Воспоминания Селиванова полны мелкими подробностями[768]
и потому производят впечатление достоверных. Однако при ближайшем рассмотрении выясняется, что фантастических деталей в тексте также предостаточно. Серьезные сомнения вызывает факт участия в деле Белинского. Его биография изучена достаточно хорошо, однако трехдневное (!) стояние близ дома Сухово-Кобылиных в 1836 г. не было отмечено ни одним из его друзей, знакомых или корреспондентов. Далее, Селиванов утверждал, что Надеждину и его друзьям грозили неприятности по церковной линии: «Молодые люди на всех перекрестках прославлявшие свои трехсуточные подвиги и силившиеся доказать стоицизм свой и твердость в делах заговора, говорили об этом очень усердно до тех пор, пока обыскная книга, по общему порядку вещей, не дошла до епархиального начальства, которое, без всякого сомнения возбудило бы против них судебное преследование, ежели бы профессор Снегирев не умолил Митрополита Филарета оставить это дело без последствий…»[769] Однако никаких иных свидетельств об этом скандале в нашем распоряжении нет.
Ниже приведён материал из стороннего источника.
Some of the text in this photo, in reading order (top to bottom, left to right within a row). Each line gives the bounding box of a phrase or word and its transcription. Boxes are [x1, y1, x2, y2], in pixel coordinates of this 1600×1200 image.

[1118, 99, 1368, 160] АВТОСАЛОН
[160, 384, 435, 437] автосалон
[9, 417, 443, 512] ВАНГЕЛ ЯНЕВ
Более того, недостоверным является и утверждение о заступничестве за Надеждина И. М. Снегирева, который откровенно недолюбливал журналиста и регулярно жаловался на него в цензурный комитет[770].Воспоминания Селиванова, по его словам[771]
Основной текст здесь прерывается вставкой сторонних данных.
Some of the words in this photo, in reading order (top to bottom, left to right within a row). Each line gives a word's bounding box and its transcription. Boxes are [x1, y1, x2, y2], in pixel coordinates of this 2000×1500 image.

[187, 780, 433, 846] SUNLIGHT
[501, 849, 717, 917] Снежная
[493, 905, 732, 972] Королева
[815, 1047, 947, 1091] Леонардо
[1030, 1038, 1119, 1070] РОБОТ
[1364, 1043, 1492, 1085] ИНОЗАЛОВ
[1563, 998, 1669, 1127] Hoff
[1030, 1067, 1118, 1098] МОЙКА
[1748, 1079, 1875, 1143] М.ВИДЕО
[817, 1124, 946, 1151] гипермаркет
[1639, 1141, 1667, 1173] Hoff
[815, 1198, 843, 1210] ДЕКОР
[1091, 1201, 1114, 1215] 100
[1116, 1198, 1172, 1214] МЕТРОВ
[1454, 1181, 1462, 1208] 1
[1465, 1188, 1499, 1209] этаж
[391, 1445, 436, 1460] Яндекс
, были созданы спустя 40 лет после описанных в них событий. Тон и отдельные характеристики мемуариста не оставляют сомнений в его негативном отношении к Надеждину. Селиванов упрекал журналиста в смехотворном желании стать аристократом[772]. Как следствие, он утверждал, что Надеждиным двигала не любовь к Сухово-Кобылиной, а холодный и корыстный расчет. Журналист постарался как можно быстрее забыть об обстоятельствах дела, которые «напоминали об утраченной ленте, камергерстве, превосходительстве и прочих тому подобных приятностях, которые он мысленно носил уже на себе через родственные связи жены»[773]. Такая интерпретация явно тенденциозна. Кроме того, Селиванов был уверен, что Надеждин и его ученица решили бежать под влиянием общего увлечения романами Жорж Санд[774]. Однако нам известен круг совместного чтения Надеждина и Сухово-Кобылиной – творения Жорж Санд в него не входили. Литературный подтекст истории из жизни выглядит явным анахронизмом и выдает в авторе читателя 1840-х гг. Равным образом позднейшей по происхождению является, по нашему мнению, и политическая трактовка увоза: Селиванов не без навязчивости употреблял в своем тексте слова «заговор» и «заговорщики». Так, он объяснял поведение Кетчера, Белинского и Селивановского не столько желанием помочь Надеждину, сколько стремлением принять участие в загадочном романтическом деле: «Это имело вид чего-то таинственного, что особенно нравилось молодым людям тогдашнего времени; единство костюма, как будто бы дело шло о каком-нибудь политическом заговоре, еще более придавало цены этим похождениям»[775]. Сравнение увоза Елизаветы Васильевны с политическим заговором, требовавшим маскировки, могло возникнуть у Селиванова под влиянием повести Надеждина «Сила воли» (1841), в которой публикация в «Телескопе» первого «Философического письма» уподоблялась участию в интригах карбонариев. Так или иначе, приведенные примеры свидетельствуют, что мемуарам Селиванова не вполне можно доверять.В точности установить, состоялась ли за десять дней до отъезда Сухово-Кобылиных в Европу попытка увезти Елизавету Васильевну из отцовского дома, на основе имеющихся данных невозможно. Сам факт представляется весьма вероятным, однако его детали, зафиксированные в источниках, выглядят крайне сомнительно. С осторожностью предположим, что Надеждин все же решился на отчаянный шаг, тем более что идея похищения и тайного бракосочетания соответствовала социальным практикам того времени[776]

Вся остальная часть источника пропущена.